Tuesday, February 16th, 2010

Comme avec tout ça, on ne rigole pas comme des baleines, ici, je vais m’efforcer, en optimisant mes maigres capacités, de répondre au tag à la gâterie de 97 (on va préciser que 97.23 n’est pas forcément SFW). Laissez-moi vous avertir que ce ne va pas être de la tarte et que je ne reste pas trop dans l’esprit de 97.

Je transcende les règles !

Ah haaaa ! – Un étonnant retournement

En cette période de Carnaval, le plus étonnant retournement que je puisse concevoir serait de réussir à faire sauter les crêpes. Ce serait un exploit acclamé par la foule (incarné en le Hibou, bon prince). Malheureusement, je n’y suis guère arrivée qu’une seule fois, dans une cuisine si étriquée de La-Ville-au-Nord que j’y faisais seule sauter les crêpes, tandis que les autres se gavaient dans la salle à mangr voisine.

Le seul dénouement prévisible d’une telle tentative ? Que je fèle les plaques en vitro-céramique en faisant tomber la poêle dessus.

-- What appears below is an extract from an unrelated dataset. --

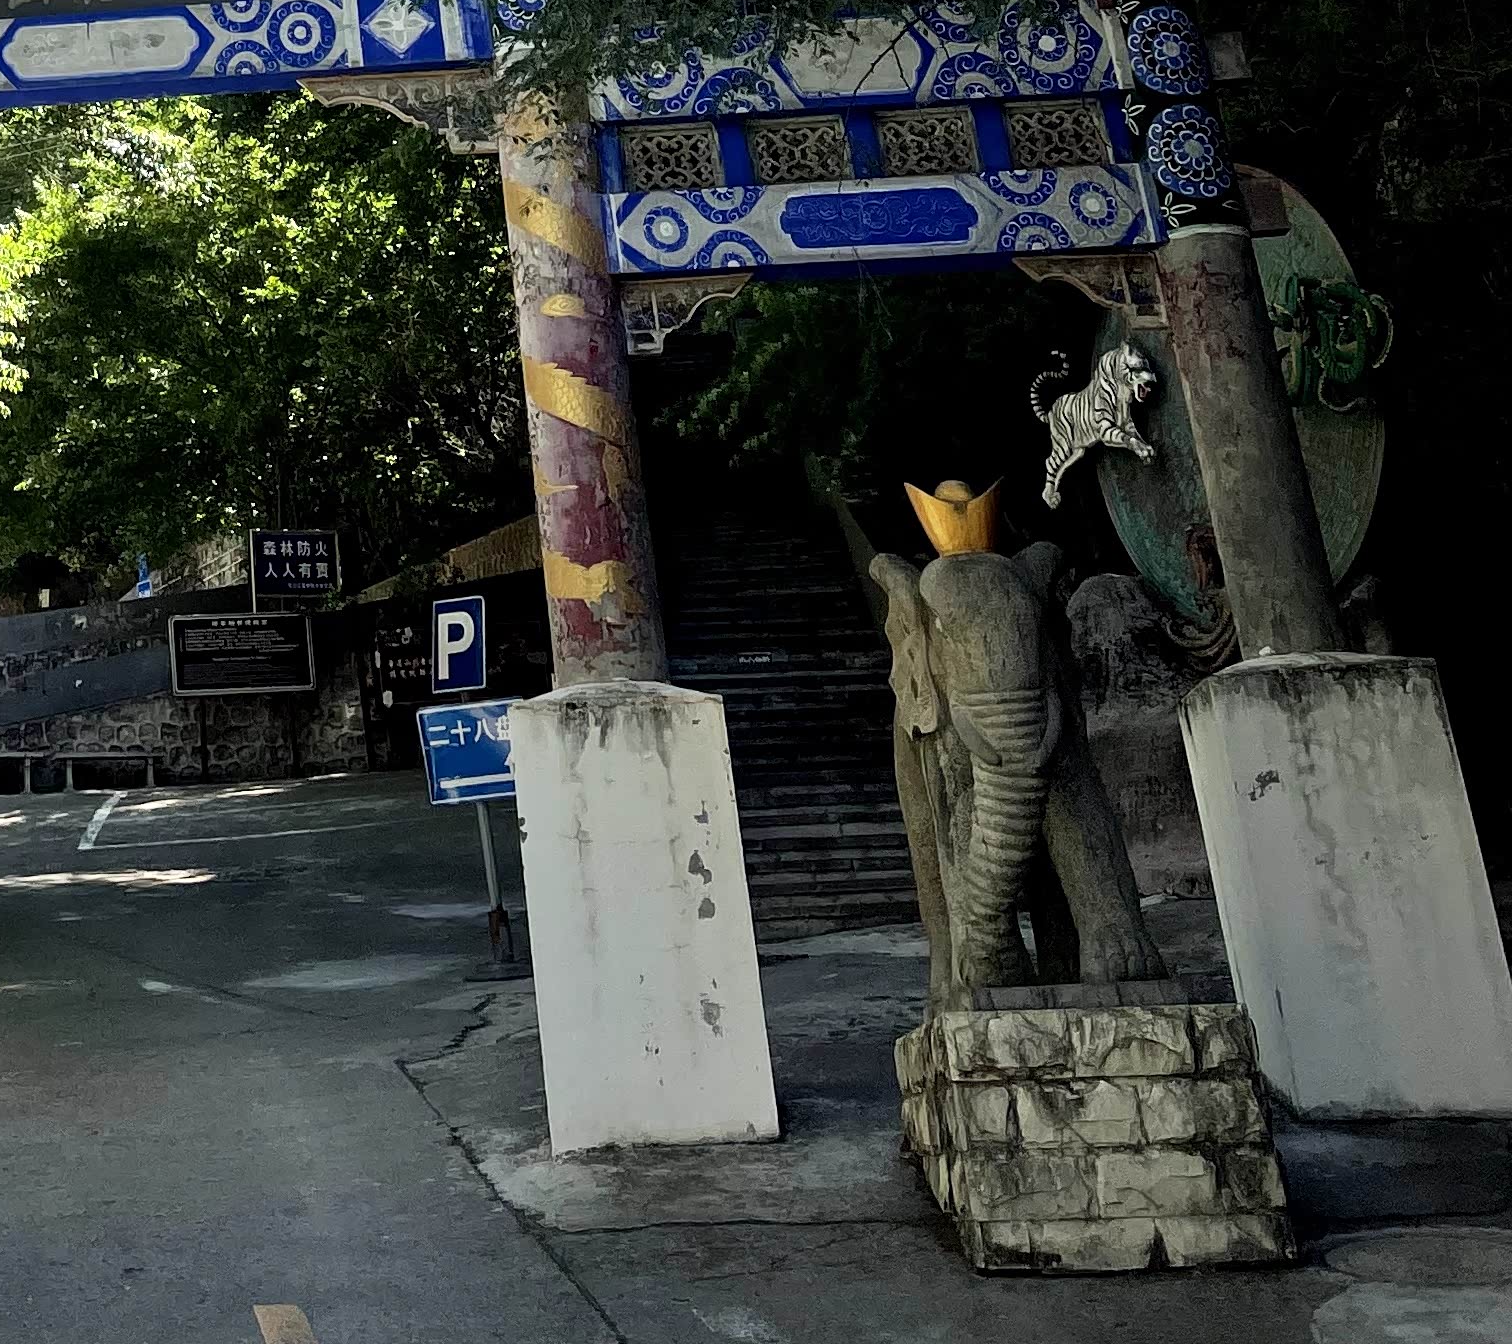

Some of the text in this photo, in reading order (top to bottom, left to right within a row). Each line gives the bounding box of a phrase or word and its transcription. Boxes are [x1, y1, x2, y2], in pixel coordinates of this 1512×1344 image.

[263, 540, 329, 556] 森林防火
[264, 562, 329, 579] 人人有责
[437, 610, 475, 681] P

Mmmmh… – Un délice, un supplice – les deux sont liés

Faire l’amour en silence. Je suis une handicapée du silence, élément pourtant nécessaire en colocation, ou lorsque la chambre de l’autre côté du mur (dans une maison qui craque de partout) est celle de vos parents. J’imagine qu’il est inutile d’épiloguer sur le sujet.

(Ceci était une spéciale kass-dédi au Flamant Rose, qui joue toujours du piano avec beaucoup de panache dans ces moments un peu difficile à vivre. Pour elle.)

En fait, cest plus efficace quun piano. Prends note, Flamant Rose.

En fait, c'est plus efficace qu'un piano. Prends note, Flamant Rose.

Hinhinhin – La vengeance est un plat qui se mange froid

Je ne suis pas quelqu’un qui se venge beaucoup. Je peux garder rancoeur à quelqu’un, mais le temps que je me décide à l’exprimer, je n’y pense plus du tout.

Donc, pour quiconque voudrait se venger de moi, forcez-moi à prendre un dessert glacé, je déteste ça. (La seule glace que j’estime casher est le sorbet au citron. Le reste ne mérite pas d’être comestible).

Chabada bada – Gimme some “looooove”

Le moment neuneu de la journée ? Le réveil pateux aux côtés du Hibou, à coup de bécots niais, d’haleine fraiche et de grognements inintelligibles.

Le côté pervers du moment neuneu de la journée ? Tenter de convaincre le Hibou de partir au boulot pour garder le lit pour soi.

Ho, comme le bord du lit se rapproche !

Ho, comme le bord du lit se rapproche !

Crack boum huuuu – Un joujou extra (à ne pas mettre entre toutes les mains, mais peut-être entre toutes les …)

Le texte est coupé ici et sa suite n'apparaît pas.